Because of the geographical conditions and water quality, the activity is concentrated in the Lakes area in Region X. According to data from Sernapesca (Servicio Nacional de Pesca, National Fisheries Services), the areas of Calbuco and Chiloé contribute 99.8 percent of the total landings of farmed mussels. In 2010, processed mussels reached sixth place in the region’s exports, contributing a value of $39 million.
This industry currently has four distinct production processes: the production of seed, which currently comes from the capture of wild seed, for production technologies are not yet economically viable; grow-out to market size using suspended systems; transformation of the meat products to frozen and canned products; and marketing to mostly foreign export markets (Fig. 1).
The Integrated Territorial Program for Mussels reported that the industry is a productive conglomerate composed of 63 seed producers, 1,120 grow-out centers, 40 processing plants and approximately 60 exporting agents.
While Chile’s mussel culture industry has entered a very important phase of growth, challenges remain, especially in the seed production and grow-out components. This contrasts sharply with the level of the processing plants and marketing, which have production technologies and expertise to satisfy the requirements of each market.
This results in ineffective coupling and standardization of all the production links, increasing production costs. In turn, the small and medium producers of mussels do not have management systems to respond adequately to the requirements of processing plants. Therefore, their production suffers from low prices, generating narrow profit margins that prevent scaling up and additional quality improvements.
Because of this, the Chilean or chorito mussel has been positioned as a product mainly for bulk unprocessed exports at medium to low prices. The mussels have had to face the foreign market preferences for domestic products and for value-added and certified products like those from New Zealand and Ireland.
To improve the competitiveness of the industry and reduce the risks associated with fluctuations in current markets, efforts have been focused on diversification into new markets in Latin America and Asia, and establishing a so-called national brand for Chilean mussels that clearly represents the quality of their origin.

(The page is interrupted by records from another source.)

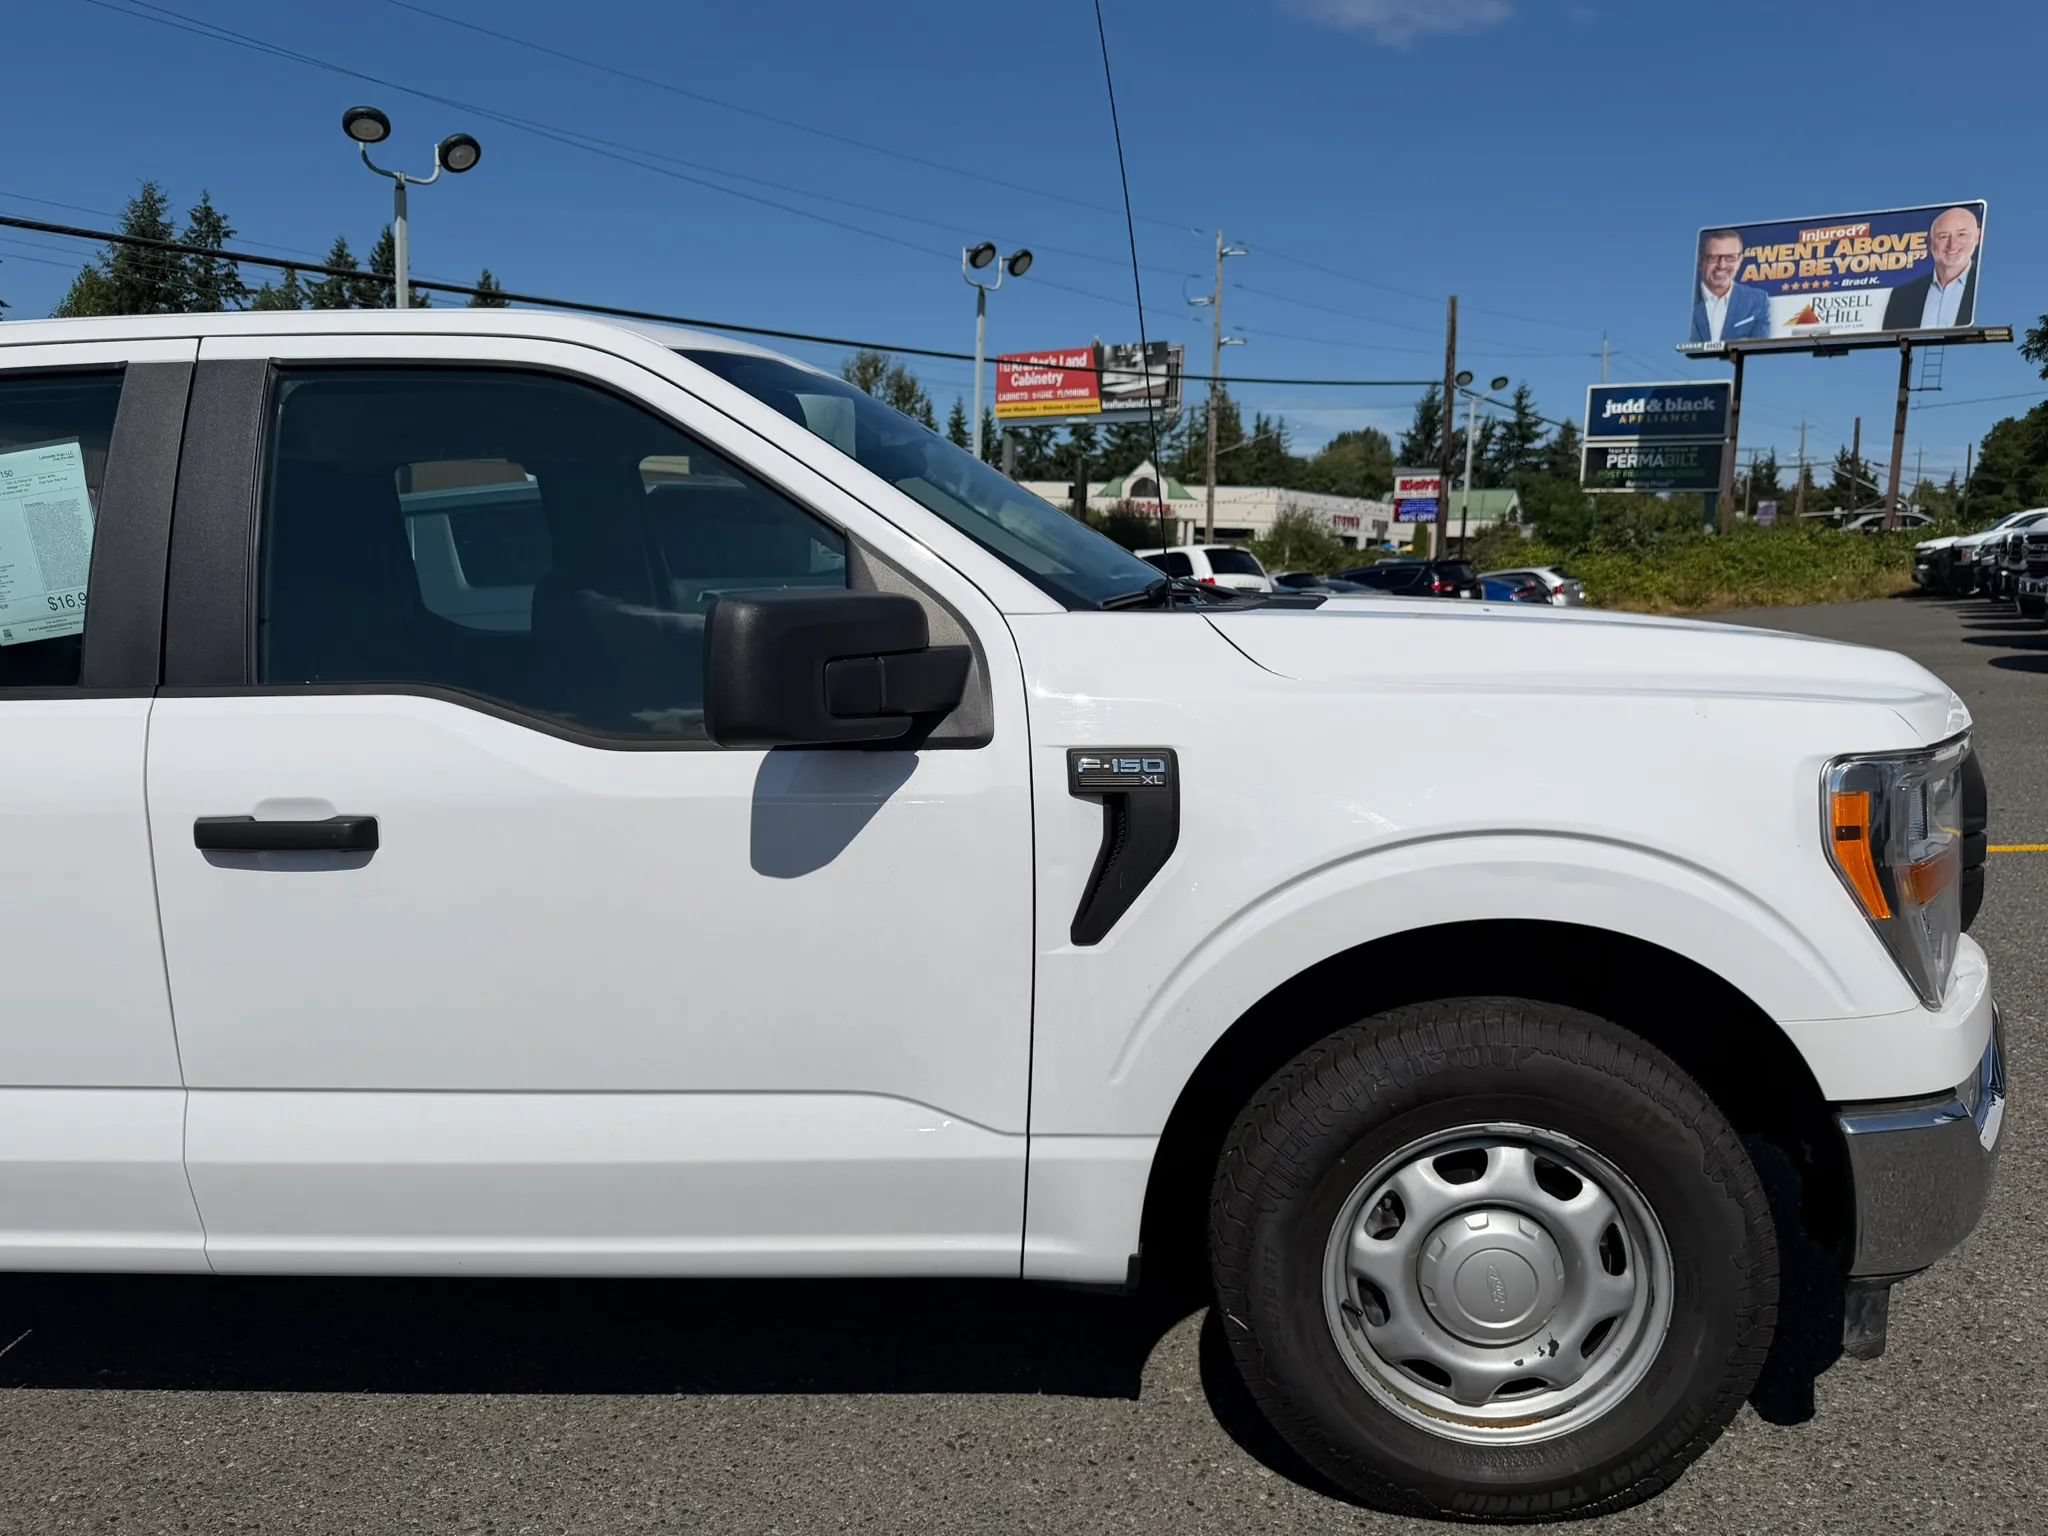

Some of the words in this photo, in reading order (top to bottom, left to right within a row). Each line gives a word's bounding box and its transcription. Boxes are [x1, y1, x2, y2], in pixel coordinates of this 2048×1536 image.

[1801, 225, 1866, 243] Injured?
[1833, 232, 1928, 257] ABOVE
[1740, 263, 1796, 282] AND
[1841, 277, 1867, 287] Brad
[1869, 276, 1880, 285] K.
[1811, 295, 1872, 312] RUSSELL
[1059, 352, 1087, 368] Land
[1011, 371, 1064, 388] Cabinetry
[1602, 398, 1645, 418] judd
[1646, 399, 1662, 413] &
[1665, 396, 1715, 412] black
[1618, 413, 1697, 425] APPLIANCE
[1606, 453, 1699, 469] PERMABILT
[1077, 758, 1165, 773] F-150
[1141, 775, 1164, 785] XL

At Cultivos Marinos San Agustín Ltda., the company’s value proposition is to raise the standards of Chilean farmed mussels through various certifications that would demonstrate environmental stewardship, as well as quality and social responsibility. This differentiation will lead to better prices – estimated at up to 40 percent higher for value-added products – in organic markets that are currently small but growing 20 percent annually, mainly in the United States and European Union.
To accomplish these goals, the company is working on several fronts, including certifying its growout phase processes as organic, and obtaining a major contract with an international company for processing to organic standards. Cultivos Marinos San Agustín Ltda. is currently awaiting a final audit to begin harvesting in the third quarter of 2011. By 2014, it expects to reach 1,000 MT of annual mussel production.